Im Gegenzug für ihre Freilassung sollten 183 palästinensische Häftlinge aus israelischen Gefängnissen entlassen werden. Darunter sind 18 mit lebenslangen Haftstrafen und 111 Palästinenser, die nach dem 7. Oktober im Gazastreifen festgenommen wurden.
Hunderte Schaulustige verfolgten die Geiselübergabe, wie Fernsehaufnahmen zeigten. Anders als vor knapp anderthalb Wochen gab es aber keine drängelnde Menge und kein Chaos, durch das sich die Geiseln einen Weg bahnen mussten. Auch zahlreiche vermummte und zumeist mit Maschinenpistolen bewaffnete Hamas-Mitglieder waren anwesend – wie auch bei den vorigen Geisel-Freilassungen.
Aufnahmen zeigten, wie die blass und dünn aussehenden Männer von Hamas-Mitgliedern auf eine Bühne geführt wurden. Israelischen Medien zufolge bedankten sie sich in dem von der Hamas choreografierten Auftritt für die «Fürsorge» während ihrer Geiselhaft.
Auf der Bühne war auch eine Faust mit einer palästinensischen Flagge zu sehen. Die militärisch nach 16 Monaten Krieg extrem geschwächte Islamistenorganisation nutzte die Freilassungen in den vergangenen Wochen stets als Machtdemonstration. Mit dem inszenierten Prozedere rund um die Geiselübergabe will die Hamas der Welt zeigen, wer im Gazastreifen das Sagen hat.
Angehörige der von der Hamas freigelassenen Geiseln haben angesichts ihres augenscheinlich schlechten Zustands bestürzt reagiert. Mehrere Familienmitglieder brachen in Tränen aus, als sie die Männer live im Fernsehen sahen, wie israelische Medien berichteten. Die aus Israel entführten Männer sahen bei der Übergabe an Vertreter des Internationalen Komitees vom Roten Kreuz (IKRK) abgemagert und blass aus.
Die Verwandte von Ohad Ben Ami (56), der Berichten zufolge auch die deutsche Staatsangehörigkeit besitzt, sagte Medien zufolge, der 56-Jährige sehe schlimm und mindestens zehn Jahre älter aus, als er sei.

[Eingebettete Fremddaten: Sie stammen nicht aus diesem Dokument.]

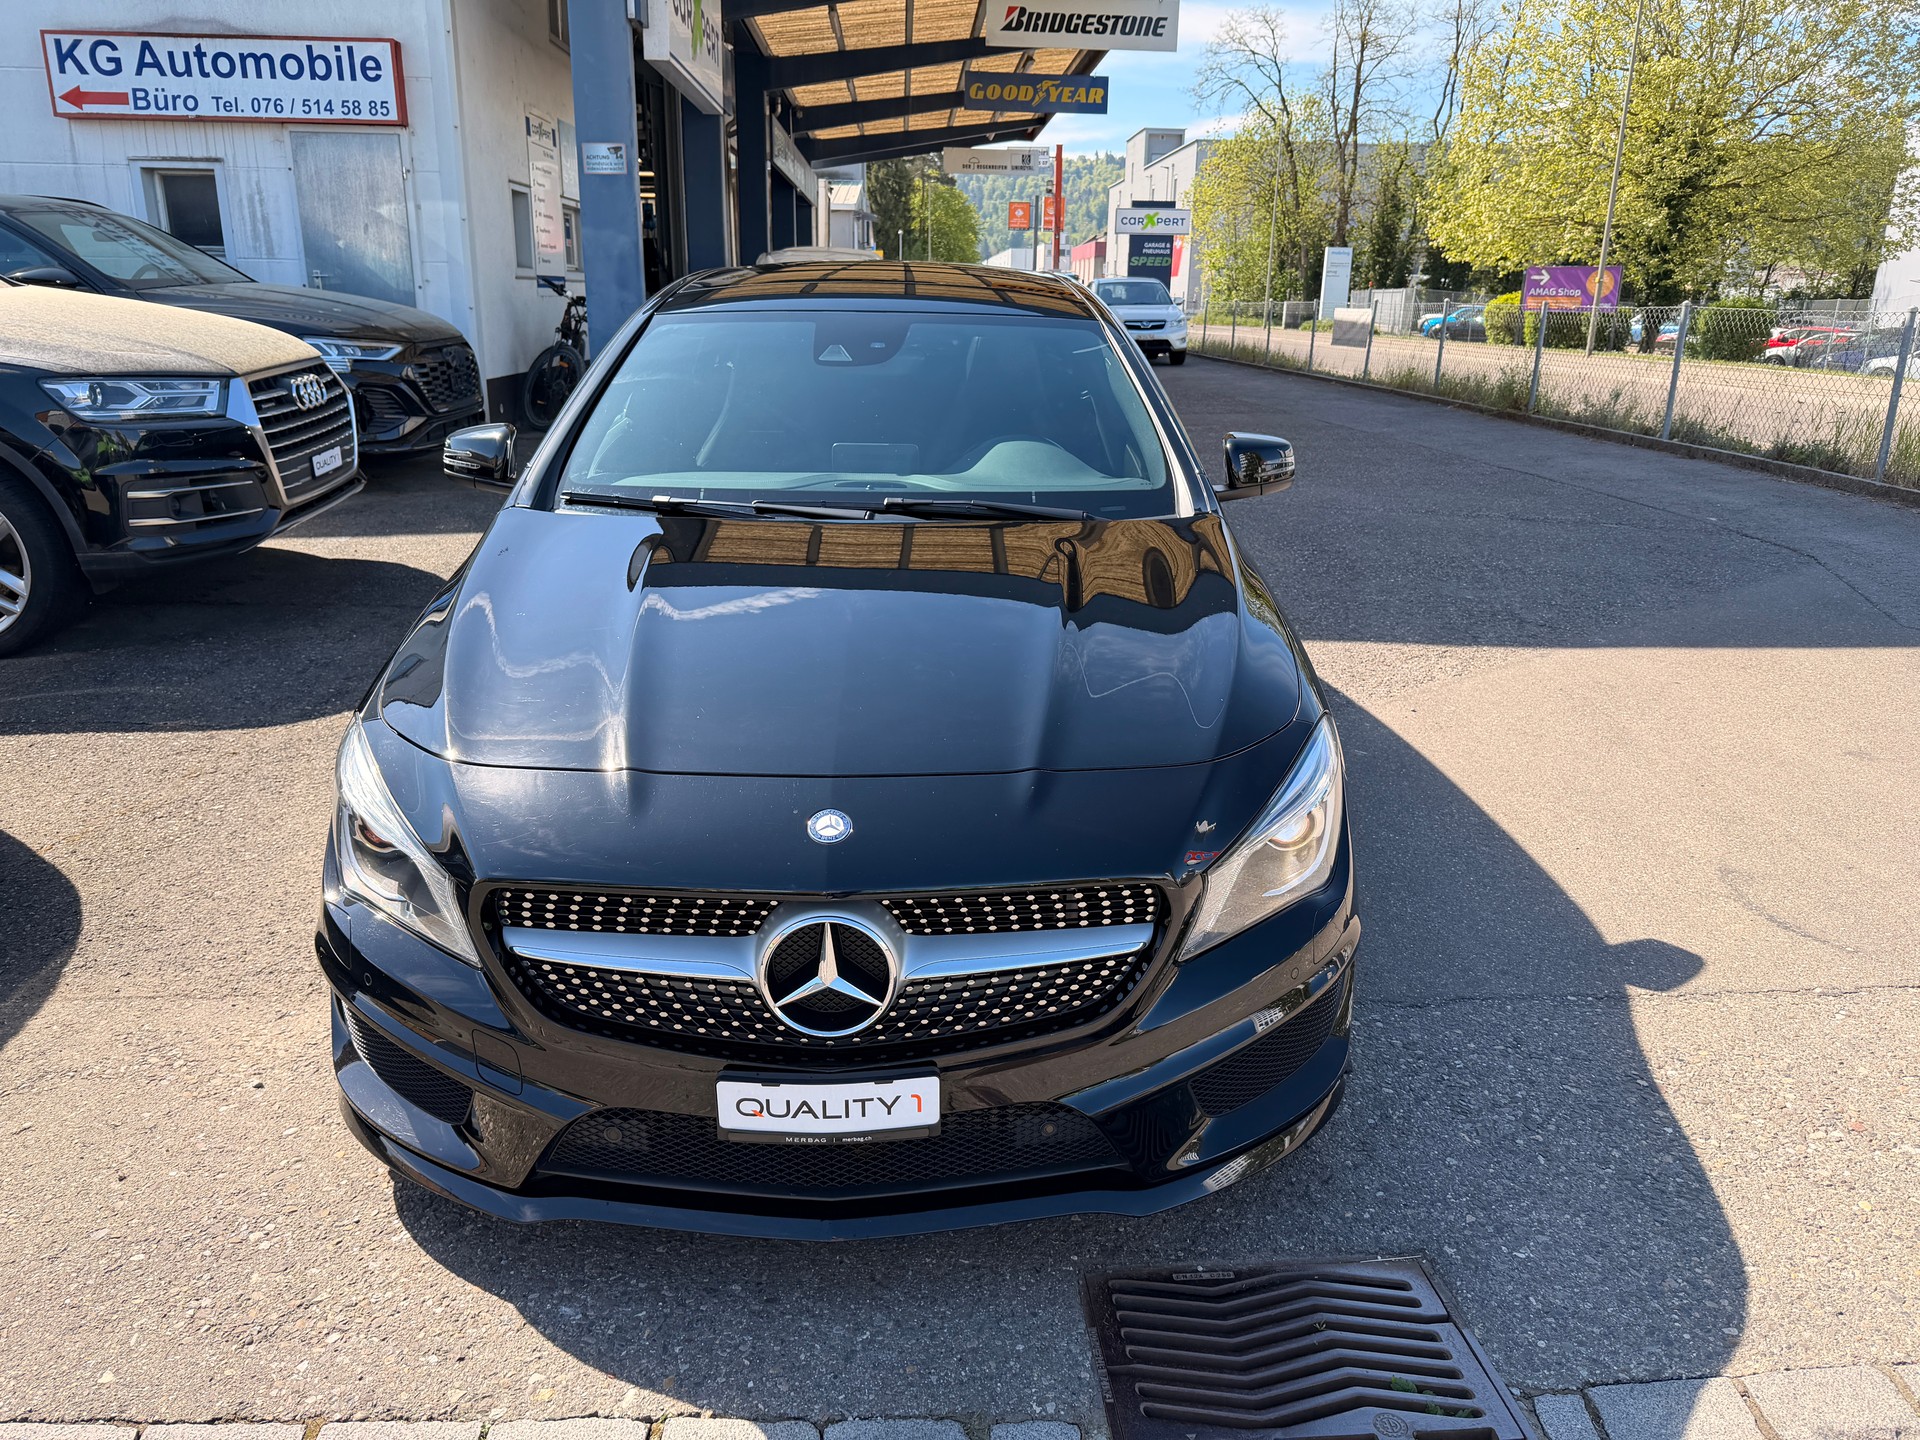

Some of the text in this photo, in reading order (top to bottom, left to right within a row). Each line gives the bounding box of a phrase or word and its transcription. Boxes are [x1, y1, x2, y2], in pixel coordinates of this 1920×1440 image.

Der Bruder von Or Levy (34) sagte israelischen Medien zufolge, es sei schwer, ihn so zu sehen, nach allem, was er durchgemacht habe. Der Sohn des 34-Jährigen sei aufgeregt und könne es kaum erwarten, seinen Vater wiederzusehen, sagte Tal Levy demnach. Die Mutter des Kindes war am 7. Oktober auf dem Nova-Musikfestival getötet worden.
Das Forum der Geiselfamilien sprach von «verstörenden Bildern» der Freilassung.
Der augenscheinlich schlechte Zustand der drei freigelassenen Geiseln hat in ganz Israel für Entsetzen gesorgt. «So sieht ein Verbrechen gegen die Menschlichkeit aus», erklärte der israelische Staatspräsident Izchak Herzog. «Die ganze Welt muss auf Ohad, Or und Eli blicken, die nach 491 Tagen Hölle, ausgehungert, abgemagert und leidend, zurückkehren.»
Angesichts des von der islamistischen Hamas inszenierten Prozederes der Freilassung sagte Herzog, die Männer seien für ein «zynisches und grausames Spektakel» ausgenutzt worden.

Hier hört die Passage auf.